The province's chief veterinarian announced the discovery Monday afternoon, just days after the first case of porcine epidemic diarrhea was confirmed in a farm in southwestern Ontario.
Greg Douglas said the latest case, and a third case which is still under investigation, were found in the Chatham-Kent region.
``We still are under the impression that there are strategies which we can work on to help mitigate, slow the spread of this virus in Ontario,'' he said in a news conference.
``However, the confirmed case, second case and the third under suspicion certainly does change the situation _ the reality _ here in Ontario.''
Hundreds of piglets _ nearly 100 per cent of those between two and five days old _ have died at the first farm, Douglas said.

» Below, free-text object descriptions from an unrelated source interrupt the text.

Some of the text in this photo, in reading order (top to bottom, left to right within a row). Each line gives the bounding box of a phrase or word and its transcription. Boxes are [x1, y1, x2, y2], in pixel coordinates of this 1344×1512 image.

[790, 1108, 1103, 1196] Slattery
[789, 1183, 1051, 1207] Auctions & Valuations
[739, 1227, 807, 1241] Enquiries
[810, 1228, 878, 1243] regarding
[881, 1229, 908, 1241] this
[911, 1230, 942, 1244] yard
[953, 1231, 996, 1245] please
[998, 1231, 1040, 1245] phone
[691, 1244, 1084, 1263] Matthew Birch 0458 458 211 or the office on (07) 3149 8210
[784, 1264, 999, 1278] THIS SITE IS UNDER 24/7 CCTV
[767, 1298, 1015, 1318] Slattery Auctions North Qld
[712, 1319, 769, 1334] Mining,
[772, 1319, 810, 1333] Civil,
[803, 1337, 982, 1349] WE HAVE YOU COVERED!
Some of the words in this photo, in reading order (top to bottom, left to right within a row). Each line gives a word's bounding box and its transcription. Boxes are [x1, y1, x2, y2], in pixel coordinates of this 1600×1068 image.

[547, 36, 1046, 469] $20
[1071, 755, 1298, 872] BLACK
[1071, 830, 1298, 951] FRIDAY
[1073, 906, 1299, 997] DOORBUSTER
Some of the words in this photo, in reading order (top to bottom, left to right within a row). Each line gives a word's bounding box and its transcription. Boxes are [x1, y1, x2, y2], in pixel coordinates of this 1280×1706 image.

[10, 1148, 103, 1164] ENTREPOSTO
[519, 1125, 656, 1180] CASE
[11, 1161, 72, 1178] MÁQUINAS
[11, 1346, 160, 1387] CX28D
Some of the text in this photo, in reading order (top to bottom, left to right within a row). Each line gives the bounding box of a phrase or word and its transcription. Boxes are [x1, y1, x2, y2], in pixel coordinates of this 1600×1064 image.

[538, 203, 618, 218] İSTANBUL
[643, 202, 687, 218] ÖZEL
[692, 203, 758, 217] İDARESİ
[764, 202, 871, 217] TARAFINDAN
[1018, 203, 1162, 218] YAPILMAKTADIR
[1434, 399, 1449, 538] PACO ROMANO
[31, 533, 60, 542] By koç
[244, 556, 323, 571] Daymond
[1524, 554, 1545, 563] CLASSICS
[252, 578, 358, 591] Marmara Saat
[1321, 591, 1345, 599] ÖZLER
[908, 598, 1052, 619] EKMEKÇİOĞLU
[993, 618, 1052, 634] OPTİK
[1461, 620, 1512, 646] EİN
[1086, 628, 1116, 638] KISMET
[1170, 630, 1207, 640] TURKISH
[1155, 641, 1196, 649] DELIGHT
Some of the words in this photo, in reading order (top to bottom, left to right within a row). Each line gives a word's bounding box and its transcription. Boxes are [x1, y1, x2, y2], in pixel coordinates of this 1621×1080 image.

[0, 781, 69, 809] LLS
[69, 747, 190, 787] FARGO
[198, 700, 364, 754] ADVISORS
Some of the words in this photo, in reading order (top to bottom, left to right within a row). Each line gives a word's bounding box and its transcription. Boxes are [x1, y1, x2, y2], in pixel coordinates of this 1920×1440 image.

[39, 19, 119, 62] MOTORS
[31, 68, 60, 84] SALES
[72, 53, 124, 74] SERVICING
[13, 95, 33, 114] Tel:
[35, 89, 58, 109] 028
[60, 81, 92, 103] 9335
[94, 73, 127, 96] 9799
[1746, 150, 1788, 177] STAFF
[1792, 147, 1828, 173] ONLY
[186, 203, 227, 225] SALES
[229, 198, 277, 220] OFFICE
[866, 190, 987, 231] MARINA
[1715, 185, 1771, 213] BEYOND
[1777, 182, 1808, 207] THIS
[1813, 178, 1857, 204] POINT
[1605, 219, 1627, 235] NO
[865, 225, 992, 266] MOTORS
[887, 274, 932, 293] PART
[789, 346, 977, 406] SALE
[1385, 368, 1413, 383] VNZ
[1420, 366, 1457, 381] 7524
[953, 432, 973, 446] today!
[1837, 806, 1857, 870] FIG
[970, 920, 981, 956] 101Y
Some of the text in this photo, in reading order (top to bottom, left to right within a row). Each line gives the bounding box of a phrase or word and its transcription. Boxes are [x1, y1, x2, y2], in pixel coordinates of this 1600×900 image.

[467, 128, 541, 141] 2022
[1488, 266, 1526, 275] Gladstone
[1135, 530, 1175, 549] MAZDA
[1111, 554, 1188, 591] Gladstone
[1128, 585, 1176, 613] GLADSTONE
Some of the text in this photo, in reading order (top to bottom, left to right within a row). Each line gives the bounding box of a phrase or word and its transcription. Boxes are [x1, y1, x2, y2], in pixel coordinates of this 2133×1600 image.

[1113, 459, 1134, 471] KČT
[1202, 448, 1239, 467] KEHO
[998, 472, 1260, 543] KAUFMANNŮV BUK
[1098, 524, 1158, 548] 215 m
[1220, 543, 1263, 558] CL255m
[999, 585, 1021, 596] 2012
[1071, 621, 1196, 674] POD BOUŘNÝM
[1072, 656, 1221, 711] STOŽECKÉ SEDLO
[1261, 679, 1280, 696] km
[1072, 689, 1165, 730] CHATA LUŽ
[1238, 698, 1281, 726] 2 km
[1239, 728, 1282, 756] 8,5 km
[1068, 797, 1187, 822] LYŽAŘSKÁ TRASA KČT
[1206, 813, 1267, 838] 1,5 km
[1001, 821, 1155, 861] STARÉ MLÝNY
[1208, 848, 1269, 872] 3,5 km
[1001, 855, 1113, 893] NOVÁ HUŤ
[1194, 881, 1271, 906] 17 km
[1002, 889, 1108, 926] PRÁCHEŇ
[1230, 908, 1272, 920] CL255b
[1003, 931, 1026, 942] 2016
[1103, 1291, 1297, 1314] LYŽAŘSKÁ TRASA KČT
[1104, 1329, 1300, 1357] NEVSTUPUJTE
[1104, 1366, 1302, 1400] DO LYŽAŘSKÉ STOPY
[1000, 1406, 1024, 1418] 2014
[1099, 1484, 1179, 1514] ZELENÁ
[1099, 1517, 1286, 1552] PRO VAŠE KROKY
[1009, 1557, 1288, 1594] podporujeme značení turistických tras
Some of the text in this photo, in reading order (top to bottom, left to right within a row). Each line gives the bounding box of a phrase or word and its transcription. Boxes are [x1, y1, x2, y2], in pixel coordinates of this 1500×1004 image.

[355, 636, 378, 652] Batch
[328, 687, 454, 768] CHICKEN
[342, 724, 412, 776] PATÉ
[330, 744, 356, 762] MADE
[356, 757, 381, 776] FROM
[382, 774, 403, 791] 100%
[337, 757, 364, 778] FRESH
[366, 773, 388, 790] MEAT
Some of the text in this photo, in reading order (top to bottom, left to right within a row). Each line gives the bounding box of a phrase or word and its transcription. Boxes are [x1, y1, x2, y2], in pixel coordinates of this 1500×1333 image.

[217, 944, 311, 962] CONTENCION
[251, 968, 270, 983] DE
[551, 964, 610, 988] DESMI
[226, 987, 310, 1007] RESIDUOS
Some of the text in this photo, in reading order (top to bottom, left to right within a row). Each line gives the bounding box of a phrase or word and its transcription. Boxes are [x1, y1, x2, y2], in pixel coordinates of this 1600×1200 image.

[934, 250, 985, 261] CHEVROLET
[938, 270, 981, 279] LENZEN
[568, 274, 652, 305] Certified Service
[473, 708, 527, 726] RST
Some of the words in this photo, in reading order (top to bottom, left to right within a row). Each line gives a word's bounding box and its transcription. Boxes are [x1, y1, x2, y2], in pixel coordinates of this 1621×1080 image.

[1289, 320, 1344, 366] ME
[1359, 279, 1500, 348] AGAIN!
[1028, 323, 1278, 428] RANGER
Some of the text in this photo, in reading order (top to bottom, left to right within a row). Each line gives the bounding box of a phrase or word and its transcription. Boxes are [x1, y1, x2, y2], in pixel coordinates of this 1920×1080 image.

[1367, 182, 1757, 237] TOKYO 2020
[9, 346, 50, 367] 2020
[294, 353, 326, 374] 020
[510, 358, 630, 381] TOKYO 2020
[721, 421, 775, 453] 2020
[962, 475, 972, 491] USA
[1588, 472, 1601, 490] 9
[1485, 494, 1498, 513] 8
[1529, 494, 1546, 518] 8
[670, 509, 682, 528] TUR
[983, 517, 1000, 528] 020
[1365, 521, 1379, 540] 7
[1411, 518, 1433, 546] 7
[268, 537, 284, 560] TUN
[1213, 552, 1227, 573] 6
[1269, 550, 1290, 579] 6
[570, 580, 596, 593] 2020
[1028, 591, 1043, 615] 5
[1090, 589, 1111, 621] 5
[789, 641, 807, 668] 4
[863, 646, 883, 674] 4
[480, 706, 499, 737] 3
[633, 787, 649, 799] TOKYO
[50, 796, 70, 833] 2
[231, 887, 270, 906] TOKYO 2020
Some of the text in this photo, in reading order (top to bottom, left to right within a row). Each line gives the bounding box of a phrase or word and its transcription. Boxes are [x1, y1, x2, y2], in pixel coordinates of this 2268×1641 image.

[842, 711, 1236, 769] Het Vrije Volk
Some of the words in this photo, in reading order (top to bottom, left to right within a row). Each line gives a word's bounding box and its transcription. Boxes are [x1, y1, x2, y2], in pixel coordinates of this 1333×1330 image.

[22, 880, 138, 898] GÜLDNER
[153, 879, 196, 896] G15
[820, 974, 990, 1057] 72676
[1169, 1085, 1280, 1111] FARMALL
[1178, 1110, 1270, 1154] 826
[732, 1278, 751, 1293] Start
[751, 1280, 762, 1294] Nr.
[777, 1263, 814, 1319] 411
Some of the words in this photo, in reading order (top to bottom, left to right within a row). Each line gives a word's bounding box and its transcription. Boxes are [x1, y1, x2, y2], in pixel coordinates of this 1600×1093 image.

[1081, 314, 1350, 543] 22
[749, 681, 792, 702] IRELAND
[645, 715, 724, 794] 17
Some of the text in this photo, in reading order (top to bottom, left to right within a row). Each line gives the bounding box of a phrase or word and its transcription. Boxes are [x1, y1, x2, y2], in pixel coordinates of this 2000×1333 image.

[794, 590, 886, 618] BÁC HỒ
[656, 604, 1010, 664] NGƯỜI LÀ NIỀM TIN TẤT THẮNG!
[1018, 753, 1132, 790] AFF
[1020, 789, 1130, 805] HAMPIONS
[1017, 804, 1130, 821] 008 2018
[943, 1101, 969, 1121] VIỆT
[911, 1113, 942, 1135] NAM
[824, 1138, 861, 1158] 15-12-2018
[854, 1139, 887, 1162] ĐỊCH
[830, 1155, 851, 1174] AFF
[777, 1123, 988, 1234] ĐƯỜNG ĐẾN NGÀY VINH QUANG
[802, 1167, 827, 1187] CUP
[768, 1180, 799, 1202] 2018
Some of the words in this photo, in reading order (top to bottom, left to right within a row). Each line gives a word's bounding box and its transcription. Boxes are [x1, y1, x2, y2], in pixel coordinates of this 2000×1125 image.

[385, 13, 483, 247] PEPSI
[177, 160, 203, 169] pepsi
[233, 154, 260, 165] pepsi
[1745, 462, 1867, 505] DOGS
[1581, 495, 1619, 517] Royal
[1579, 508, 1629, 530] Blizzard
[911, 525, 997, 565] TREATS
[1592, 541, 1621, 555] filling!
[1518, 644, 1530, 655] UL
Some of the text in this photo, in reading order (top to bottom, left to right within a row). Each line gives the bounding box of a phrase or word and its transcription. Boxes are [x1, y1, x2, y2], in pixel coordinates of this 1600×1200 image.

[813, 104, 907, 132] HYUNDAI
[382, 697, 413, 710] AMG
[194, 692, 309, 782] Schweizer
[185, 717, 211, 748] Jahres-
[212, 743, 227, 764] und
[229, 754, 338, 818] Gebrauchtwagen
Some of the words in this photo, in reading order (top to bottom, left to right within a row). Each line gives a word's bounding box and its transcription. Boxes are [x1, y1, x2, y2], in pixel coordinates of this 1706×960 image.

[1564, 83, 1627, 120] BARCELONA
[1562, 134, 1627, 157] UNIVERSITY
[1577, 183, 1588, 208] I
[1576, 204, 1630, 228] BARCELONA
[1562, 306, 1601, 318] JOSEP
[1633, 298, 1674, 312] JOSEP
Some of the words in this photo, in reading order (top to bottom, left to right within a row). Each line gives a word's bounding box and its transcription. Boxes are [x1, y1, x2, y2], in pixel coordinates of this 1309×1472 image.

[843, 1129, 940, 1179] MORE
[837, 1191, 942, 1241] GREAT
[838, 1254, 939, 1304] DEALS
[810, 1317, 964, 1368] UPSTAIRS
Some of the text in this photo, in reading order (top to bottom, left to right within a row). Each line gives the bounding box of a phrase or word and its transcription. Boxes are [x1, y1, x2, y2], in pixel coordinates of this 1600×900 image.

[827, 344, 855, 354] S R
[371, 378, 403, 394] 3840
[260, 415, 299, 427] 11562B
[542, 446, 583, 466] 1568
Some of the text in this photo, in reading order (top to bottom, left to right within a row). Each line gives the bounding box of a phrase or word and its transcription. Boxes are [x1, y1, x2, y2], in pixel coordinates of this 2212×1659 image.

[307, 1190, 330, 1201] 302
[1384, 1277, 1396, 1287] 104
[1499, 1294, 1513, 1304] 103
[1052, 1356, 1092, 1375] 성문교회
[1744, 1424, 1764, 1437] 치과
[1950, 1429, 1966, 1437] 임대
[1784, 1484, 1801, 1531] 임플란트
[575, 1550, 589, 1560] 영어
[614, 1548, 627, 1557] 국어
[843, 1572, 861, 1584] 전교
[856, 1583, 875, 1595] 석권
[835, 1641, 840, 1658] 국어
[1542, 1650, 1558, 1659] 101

The other two hold older pigs which are less likely to die from the disease, he said.
It's unclear where the virus came from but a group representing Ontario's hog industry has warned it spreads through contact with manure.
Officials say the virus does not affect food safety and is not a risk to human health.
Producers have long worried that the disease might make its way up from the U.S., where it has killed millions of piglets.
Amy Cronin of Ontario Pork said they anticipate the industry will suffer, but how much depends on how far the disease is able to spread.
``We are putting into place measures to try to manage the virus as best we can and keep it off as many farms as we can given that it is very contagious,'' she said.
``We estimate that if it were to spread past Ontario throughout Canada, within one year, it could cost $45 million to the Canadian pork industry.''
PED is not a federally reportable disease in Canada, which means there is no single set of protocols to help prevent it from spreading here or to deal with an outbreak.